I’m pleased with the result and the project was a real pleasure to work on. No other client has offered me such good meeting snacks and lunches as Ottolenghi.

One of the few downsides about working on this project was that it kept me constantly hungry. I thought that working on the GoodFood website last year had made me immune to fooling my body that the glycogen level of the liver has fallen and activating the hunger feeling by looking at food photos on screen.
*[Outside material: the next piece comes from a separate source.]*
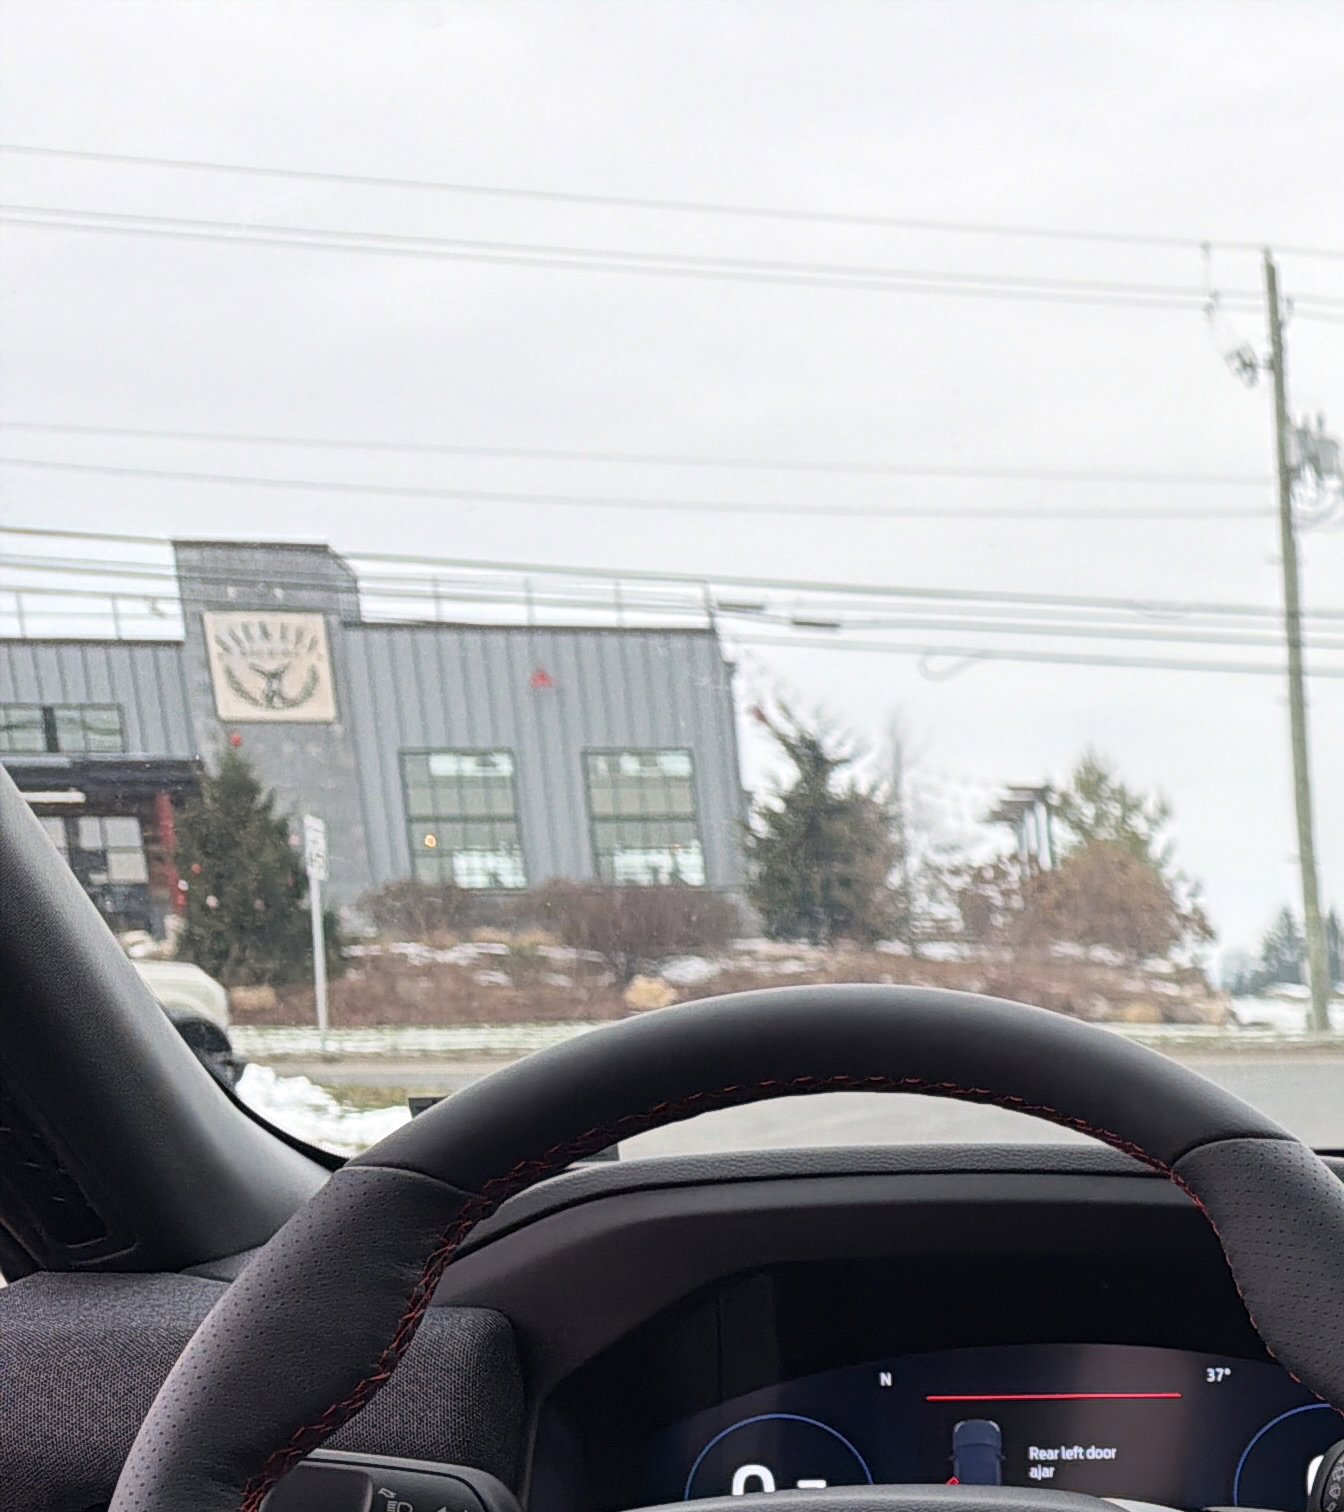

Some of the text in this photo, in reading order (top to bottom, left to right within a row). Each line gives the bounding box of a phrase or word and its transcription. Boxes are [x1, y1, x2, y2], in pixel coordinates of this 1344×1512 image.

Thankfully, in a few weeks, their new cookbook will be out (which I have flipped through and can confirm looks amazing) so that Willow and I can cook all the dishes I have been drooling at for the last couple of months.

16th Feb '07

The last of the three monster projects I was involved in during 2006, has been launched, so I thought I would present all three under the same post.

So in chronological order:

  1. topshop.com A huge e-commerce website. POKE designed and built the html templates that then was incorporated into a huge system build by IBM that goes under the name ‘webasphere’. The difficulties were to get the web page to feel fresh and still keep within all the heavy restrictions the system came with.
    Read more about the website at Tom Hostler’s blog

  2. bbcgoodfood.com A website for an already existing magazine. This was a very intense project with almost no speed bumps along the road. All wireframes had been done. All content existed.
    Read more about the website at Tom Hostler’s blog

  3. travel.dk.com Last but not least. A web site for the travel books published by Dorling Kindersley (DK).
    Aside from the normal travel website stuff – browsing your chosen destination and viewing/reading about attractions – you can create your own attractions, print, download and share your own compilation or personalised travel guide.